What is required: Below are records; copy exactly the line containing "this 1200×1600 image." and every line after it, through the last.
▬▬▬
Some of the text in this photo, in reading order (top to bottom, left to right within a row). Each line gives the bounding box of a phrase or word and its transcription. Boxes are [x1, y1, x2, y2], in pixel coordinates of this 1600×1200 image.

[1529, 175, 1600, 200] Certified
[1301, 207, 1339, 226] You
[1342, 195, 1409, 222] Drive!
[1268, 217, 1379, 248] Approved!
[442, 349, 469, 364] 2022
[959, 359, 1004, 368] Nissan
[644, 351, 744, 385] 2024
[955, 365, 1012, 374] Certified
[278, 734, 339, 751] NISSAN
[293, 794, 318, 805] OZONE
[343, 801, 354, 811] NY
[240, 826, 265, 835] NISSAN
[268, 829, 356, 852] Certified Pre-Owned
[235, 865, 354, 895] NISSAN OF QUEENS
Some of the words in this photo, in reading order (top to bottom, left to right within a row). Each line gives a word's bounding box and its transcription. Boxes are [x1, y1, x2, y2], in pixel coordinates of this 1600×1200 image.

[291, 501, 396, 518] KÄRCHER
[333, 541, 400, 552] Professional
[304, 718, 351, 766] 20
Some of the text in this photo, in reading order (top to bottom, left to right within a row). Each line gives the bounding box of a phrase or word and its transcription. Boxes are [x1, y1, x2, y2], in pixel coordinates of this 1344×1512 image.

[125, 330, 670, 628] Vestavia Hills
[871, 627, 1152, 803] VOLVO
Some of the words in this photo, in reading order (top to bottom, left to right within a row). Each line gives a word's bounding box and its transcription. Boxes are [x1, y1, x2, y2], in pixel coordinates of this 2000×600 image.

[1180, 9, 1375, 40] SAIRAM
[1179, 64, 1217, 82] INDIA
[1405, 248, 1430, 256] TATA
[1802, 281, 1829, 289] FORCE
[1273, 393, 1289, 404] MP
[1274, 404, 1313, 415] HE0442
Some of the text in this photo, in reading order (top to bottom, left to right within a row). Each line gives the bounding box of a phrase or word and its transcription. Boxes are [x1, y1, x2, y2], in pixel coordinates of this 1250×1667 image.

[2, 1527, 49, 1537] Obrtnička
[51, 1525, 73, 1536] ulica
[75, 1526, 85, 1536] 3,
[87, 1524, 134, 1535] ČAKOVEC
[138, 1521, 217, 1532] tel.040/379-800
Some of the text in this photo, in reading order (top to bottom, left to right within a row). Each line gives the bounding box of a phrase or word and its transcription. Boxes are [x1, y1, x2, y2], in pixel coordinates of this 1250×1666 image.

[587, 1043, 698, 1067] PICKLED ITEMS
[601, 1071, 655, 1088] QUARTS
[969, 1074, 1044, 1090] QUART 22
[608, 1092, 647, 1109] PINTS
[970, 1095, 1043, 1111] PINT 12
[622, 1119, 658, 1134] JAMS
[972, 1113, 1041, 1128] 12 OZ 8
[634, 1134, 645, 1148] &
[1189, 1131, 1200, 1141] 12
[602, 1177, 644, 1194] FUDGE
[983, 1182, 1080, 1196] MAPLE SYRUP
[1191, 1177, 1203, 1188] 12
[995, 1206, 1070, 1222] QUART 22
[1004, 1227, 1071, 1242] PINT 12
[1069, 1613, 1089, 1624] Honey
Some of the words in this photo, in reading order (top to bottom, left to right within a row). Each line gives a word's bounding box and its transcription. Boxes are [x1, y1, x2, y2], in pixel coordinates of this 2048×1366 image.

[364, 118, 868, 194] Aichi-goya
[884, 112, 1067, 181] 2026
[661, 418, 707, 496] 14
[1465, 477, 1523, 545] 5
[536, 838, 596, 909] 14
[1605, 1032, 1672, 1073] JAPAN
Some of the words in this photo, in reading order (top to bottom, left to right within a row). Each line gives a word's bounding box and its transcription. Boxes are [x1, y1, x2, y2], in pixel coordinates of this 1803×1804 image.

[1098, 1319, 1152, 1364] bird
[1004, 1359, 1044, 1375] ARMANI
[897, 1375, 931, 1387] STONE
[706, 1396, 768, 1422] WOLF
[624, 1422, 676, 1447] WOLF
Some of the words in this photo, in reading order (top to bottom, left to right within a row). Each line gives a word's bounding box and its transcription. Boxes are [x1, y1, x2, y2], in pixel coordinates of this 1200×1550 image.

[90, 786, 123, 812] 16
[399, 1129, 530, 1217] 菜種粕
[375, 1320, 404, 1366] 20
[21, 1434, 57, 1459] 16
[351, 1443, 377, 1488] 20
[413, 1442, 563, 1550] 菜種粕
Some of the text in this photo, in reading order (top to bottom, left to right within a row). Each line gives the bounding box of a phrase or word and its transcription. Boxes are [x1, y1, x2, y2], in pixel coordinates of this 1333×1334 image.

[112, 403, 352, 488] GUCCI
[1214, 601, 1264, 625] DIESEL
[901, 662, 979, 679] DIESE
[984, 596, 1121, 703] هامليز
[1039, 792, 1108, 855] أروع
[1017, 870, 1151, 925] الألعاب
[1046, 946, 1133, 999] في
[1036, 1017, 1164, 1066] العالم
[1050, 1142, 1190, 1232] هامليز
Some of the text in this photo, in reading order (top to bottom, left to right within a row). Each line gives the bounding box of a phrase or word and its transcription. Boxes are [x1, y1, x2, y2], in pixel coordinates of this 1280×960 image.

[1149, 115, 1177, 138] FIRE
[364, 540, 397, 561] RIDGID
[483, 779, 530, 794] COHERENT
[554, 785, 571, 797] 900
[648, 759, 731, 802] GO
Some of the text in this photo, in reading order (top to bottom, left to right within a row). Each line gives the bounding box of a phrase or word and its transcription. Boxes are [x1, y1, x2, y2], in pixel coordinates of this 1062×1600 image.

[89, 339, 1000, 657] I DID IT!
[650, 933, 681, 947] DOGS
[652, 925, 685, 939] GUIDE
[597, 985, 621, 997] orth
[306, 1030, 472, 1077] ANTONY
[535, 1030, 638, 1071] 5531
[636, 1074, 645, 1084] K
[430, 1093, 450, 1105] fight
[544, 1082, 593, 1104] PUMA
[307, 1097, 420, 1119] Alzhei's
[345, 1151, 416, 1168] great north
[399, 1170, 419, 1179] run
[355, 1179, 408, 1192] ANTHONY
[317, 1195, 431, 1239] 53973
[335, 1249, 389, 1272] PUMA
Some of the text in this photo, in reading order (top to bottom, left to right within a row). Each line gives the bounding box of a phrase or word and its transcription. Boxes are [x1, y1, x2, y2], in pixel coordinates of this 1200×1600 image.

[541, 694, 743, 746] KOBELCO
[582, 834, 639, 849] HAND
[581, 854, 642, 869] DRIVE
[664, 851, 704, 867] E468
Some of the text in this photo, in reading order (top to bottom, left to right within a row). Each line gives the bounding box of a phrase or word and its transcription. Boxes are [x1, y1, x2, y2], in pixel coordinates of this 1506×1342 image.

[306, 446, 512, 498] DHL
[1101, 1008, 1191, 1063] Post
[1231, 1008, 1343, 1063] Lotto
▬▬▬
Response to this exercise:
Some of the text in this photo, in reading order (top to bottom, left to right within a row). Each line gives the bounding box of a phrase or word and its transcription. Boxes are [x1, y1, x2, y2], in pixel coordinates of this 1200×1600 image.

[541, 694, 743, 746] KOBELCO
[582, 834, 639, 849] HAND
[581, 854, 642, 869] DRIVE
[664, 851, 704, 867] E468
Some of the text in this photo, in reading order (top to bottom, left to right within a row). Each line gives the bounding box of a phrase or word and its transcription. Boxes are [x1, y1, x2, y2], in pixel coordinates of this 1506×1342 image.

[306, 446, 512, 498] DHL
[1101, 1008, 1191, 1063] Post
[1231, 1008, 1343, 1063] Lotto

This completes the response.